▸ PROBLEM
Write out all the entries word for word and omit any pictures.

====== MATERIAL FOR THE TASK ======

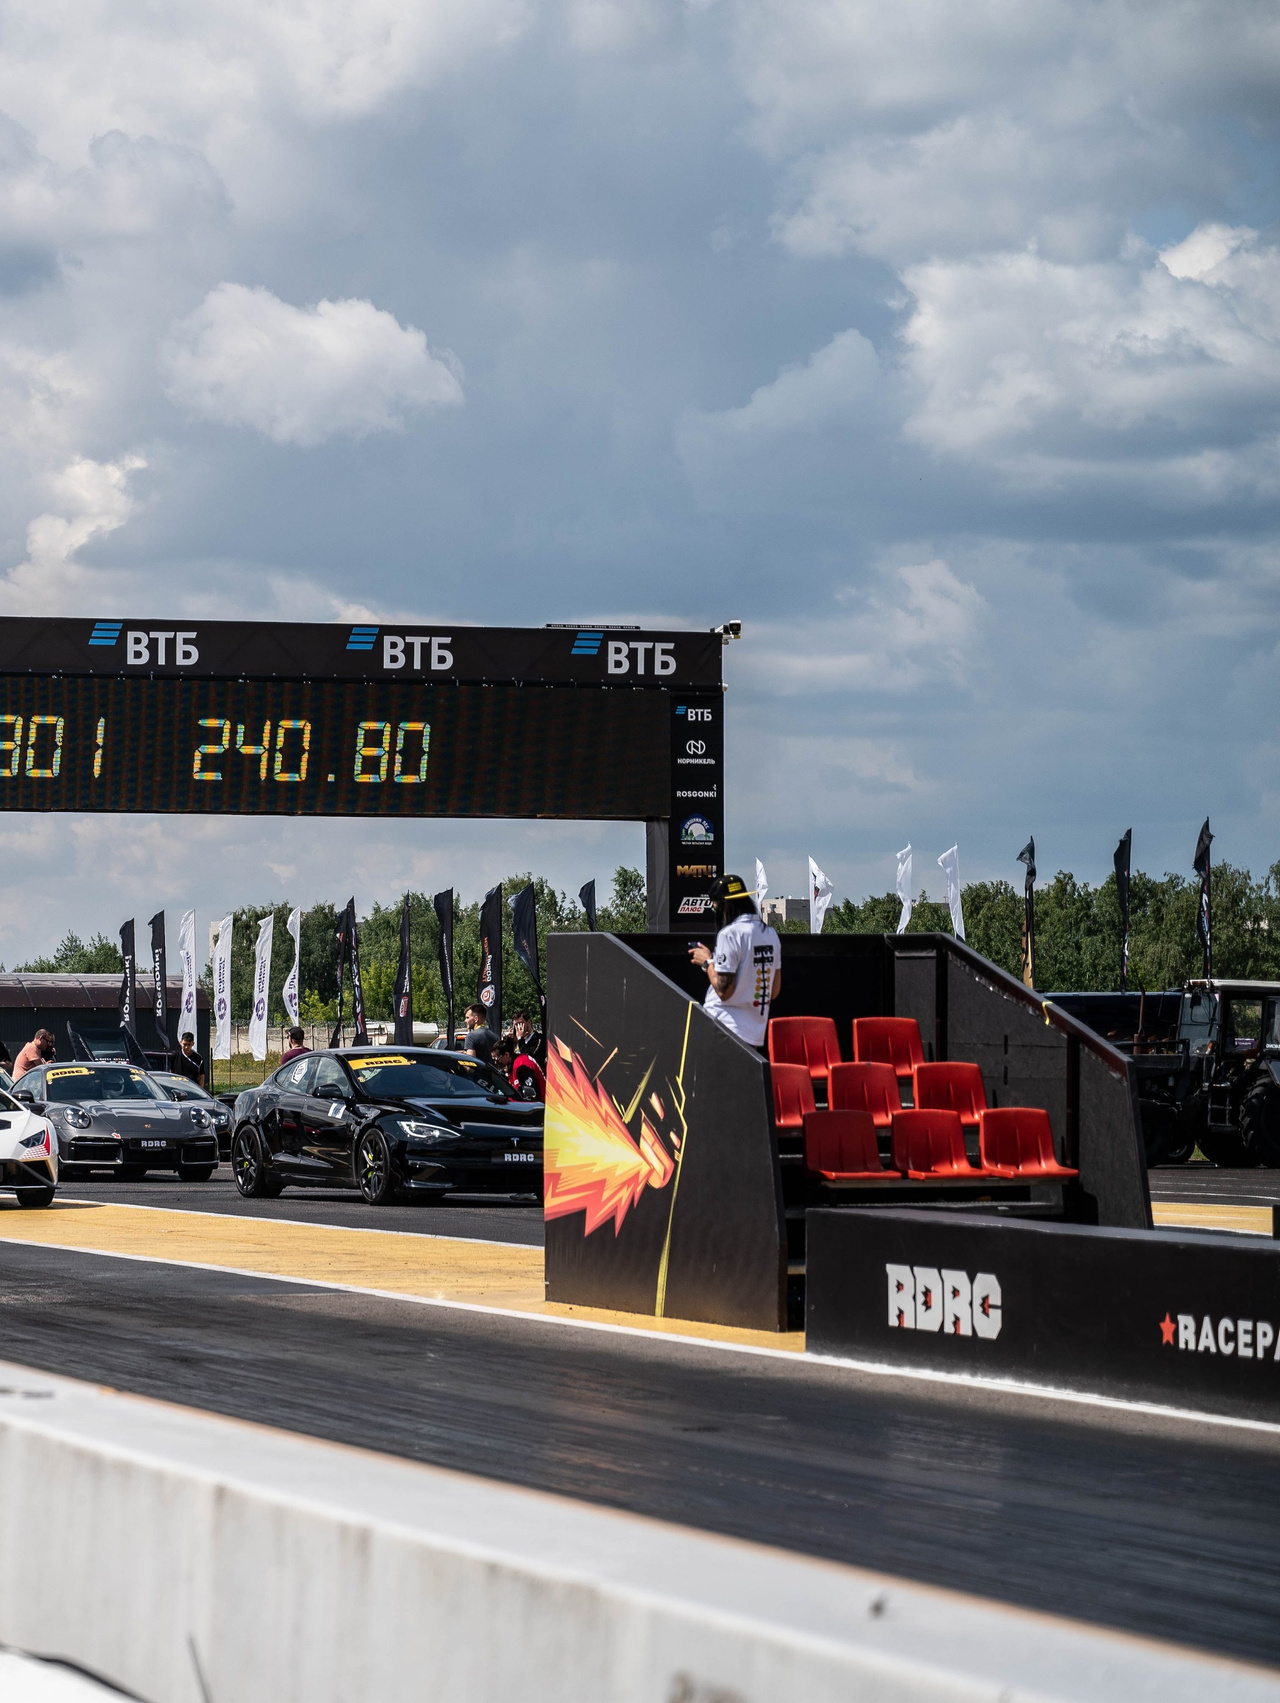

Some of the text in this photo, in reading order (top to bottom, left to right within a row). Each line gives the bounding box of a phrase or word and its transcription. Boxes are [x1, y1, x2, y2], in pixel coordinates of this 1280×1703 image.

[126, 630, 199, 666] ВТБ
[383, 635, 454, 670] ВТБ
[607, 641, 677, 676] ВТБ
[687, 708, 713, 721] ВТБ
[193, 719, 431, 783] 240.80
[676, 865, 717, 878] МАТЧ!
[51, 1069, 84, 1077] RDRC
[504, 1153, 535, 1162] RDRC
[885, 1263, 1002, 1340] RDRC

======

▸ ANSWER SPACE
Some of the text in this photo, in reading order (top to bottom, left to right within a row). Each line gives the bounding box of a phrase or word and its transcription. Boxes are [x1, y1, x2, y2], in pixel coordinates of this 1280×1703 image.

[126, 630, 199, 666] ВТБ
[383, 635, 454, 670] ВТБ
[607, 641, 677, 676] ВТБ
[687, 708, 713, 721] ВТБ
[193, 719, 431, 783] 240.80
[676, 865, 717, 878] МАТЧ!
[51, 1069, 84, 1077] RDRC
[504, 1153, 535, 1162] RDRC
[885, 1263, 1002, 1340] RDRC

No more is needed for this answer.